Certes, le Nigeria était alors amputé de ses cadres défensifs Zaidu Sanusi, Ola Aina et Williams Troost-Ekong, mais c'est une autre défection qui allait faire jaser et transformer la crise de résultats en psychodrame. Absent de ce rassemblement du mois de juin, Victor Osimhen a beaucoup manqué à son équipe. Certains propos prêtés à Finidi George, selon lesquels la blessure de l'attaquant du Napoli serait diplomatique, vont mettre le feu aux poudres. « Je ne vais pas forcer Victor Osimhen à jouer pour l’équipe nationale, il choisit ses matchs », aurait lancé le sélectionneur à la presse nigériane. « J’ai perdu tout le respect que j’avais pour cet homme. Parce que je lui ai parlé de ma blessure, je l’ai appelé et lui ai demandé de me permettre de venir au camp et d’être avec les garçons, indépendamment de ma blessure, il a refusé en me disant que je devrais plutôt rester avec ma famille », rétorque sur Instagram le joueur africain de l'année 2023.

La CAN 2023, une parenthèse enchantée ?


Le fusible Finidi George ne va pas résister à cette secousse. Les décideurs nigérians choisissent de le faire sauter. Alors qu'il lui était demandé d’être à nouveau entraîneur adjoint d’un technicien expatrié qui sera prochainement nommé, l'éphémère sélectionneur quitte son poste à son tour. Le banc du Nigeria va donc changer d'occupant pour la deuxième fois en un semestre. Après avoir démenti les informations qui lui prêtaient l'intention de sanctionner Osimhen, la Fédération nigériane de football va devoir se concentrer sur le choix de son futur sélectionneur. Présidée depuis septembre 2022 par Ibrahim Musa Gusau, l'instance suscite une défiance croissante du public, qui lui reproche notamment son manque de transparence dans les recrutements des sélectionneurs.
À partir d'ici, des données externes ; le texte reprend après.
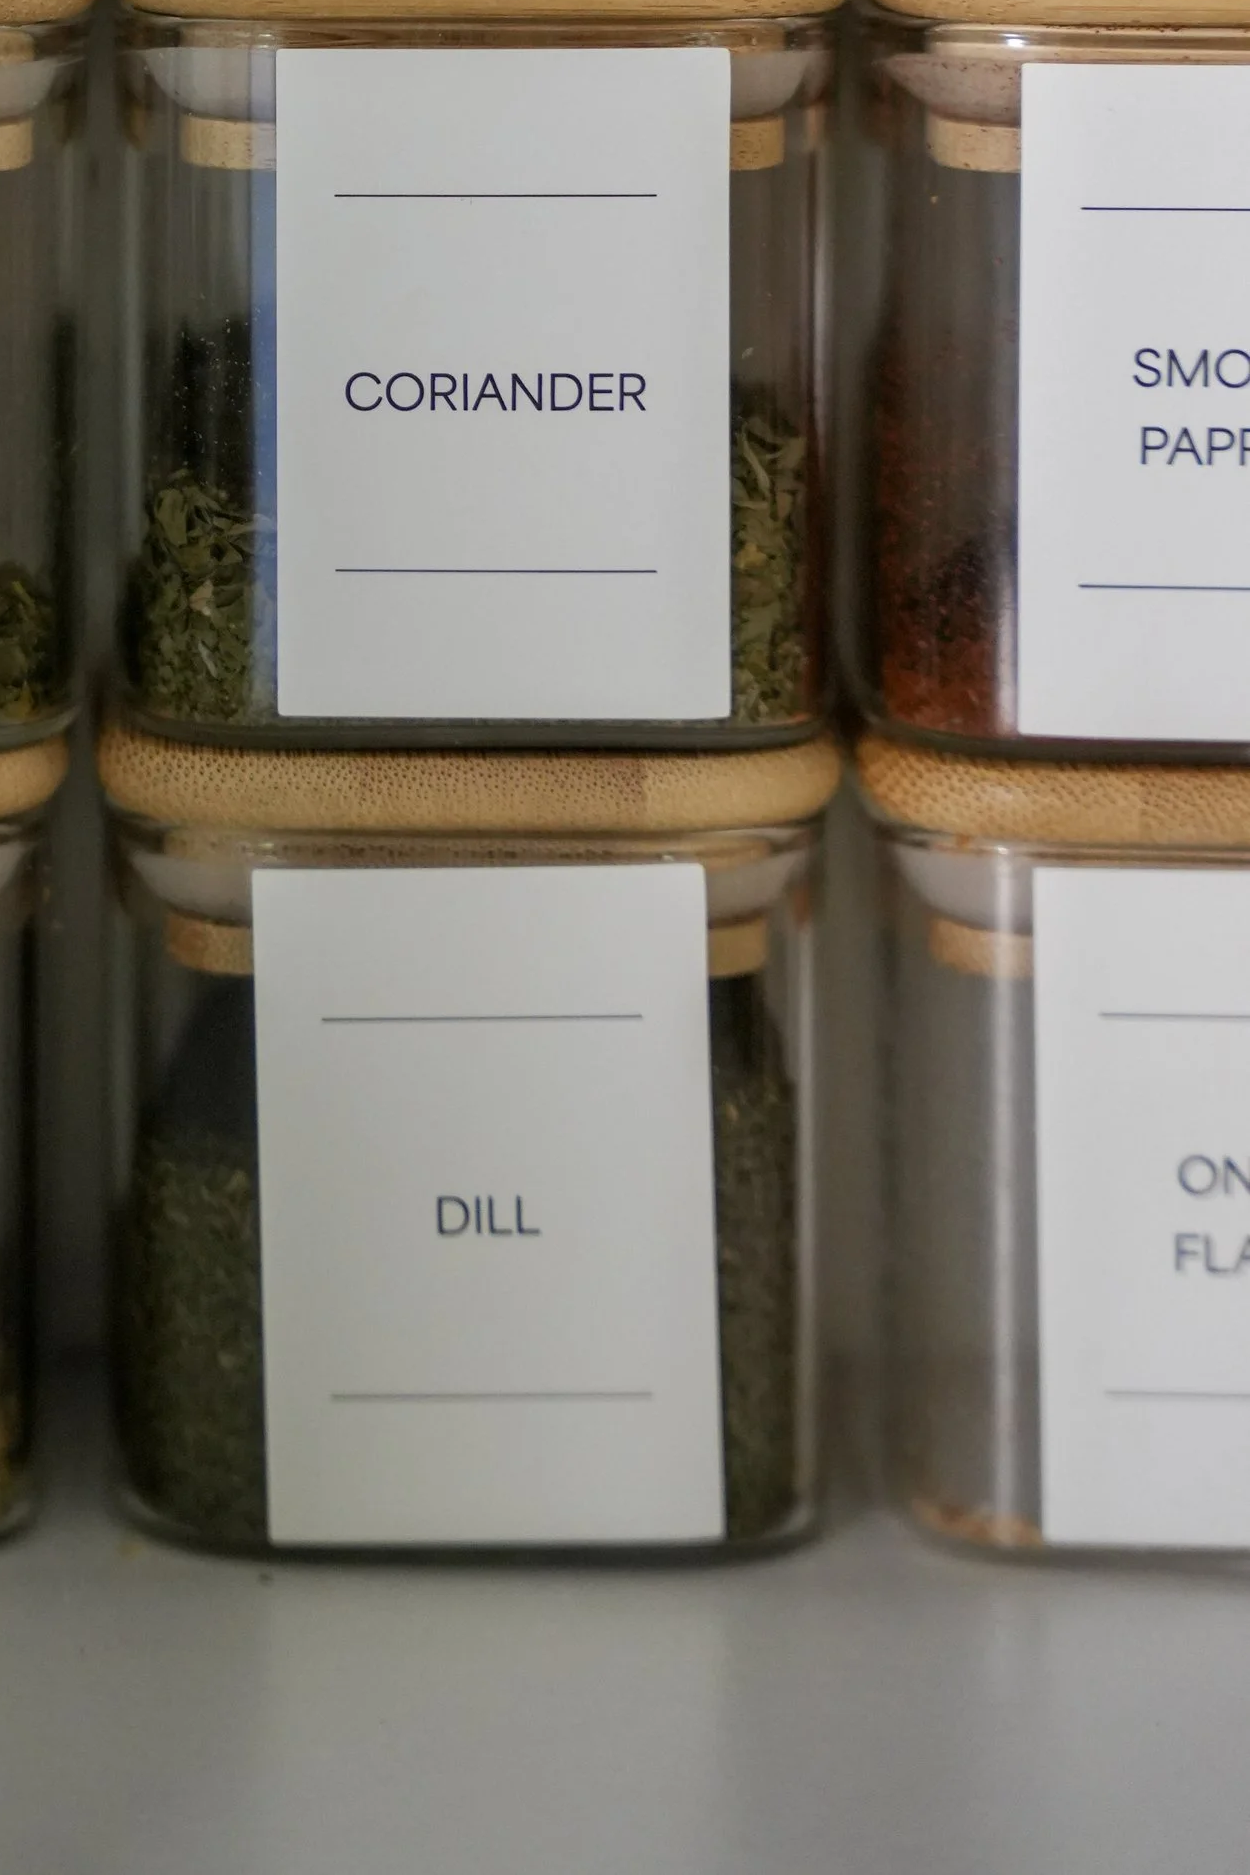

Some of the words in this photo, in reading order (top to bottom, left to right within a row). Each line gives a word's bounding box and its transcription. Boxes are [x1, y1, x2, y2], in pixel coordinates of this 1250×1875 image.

Alors, la CAN en Côte d'Ivoire ne fut-elle qu'une parenthèse enchantée pour le Nigeria ? On peut le penser. Depuis 2021, le Nigeria n’a plus remporté le moindre match de qualification pour la Coupe du monde. Ironie du sort : dans leur groupe de qualification, les Super Eagles sont pour l'heure dominés par l'Afrique du Sud, qu'ils écartèrent pourtant en demi-finale de la CAN, et le Bénin, dirigée par Gernot Rohr, le dernier coach à avoir eu du temps pour travailler à la tête du Nigeria, avec plus de cinq années de règne et 57 matchs dirigés. Le futur sélectionneur a-t-il des motifs d'espoir ? Ceux-ci sont d'ordre mathématique. 18 points restent à prendre pour rétablir la hiérarchie dans ce groupe C et ne pas manquer une deuxième phase finale consécutive. Pareille mésaventure n'est jamais arrivée aux Super Eagles depuis 1994, date de leur première participation. Et que cela advienne l'année où l'Afrique reçoit pour la première fois neuf tickets qualificatifs entérinerait le déclin durable du Nigeria dans la hiérarchie africaine.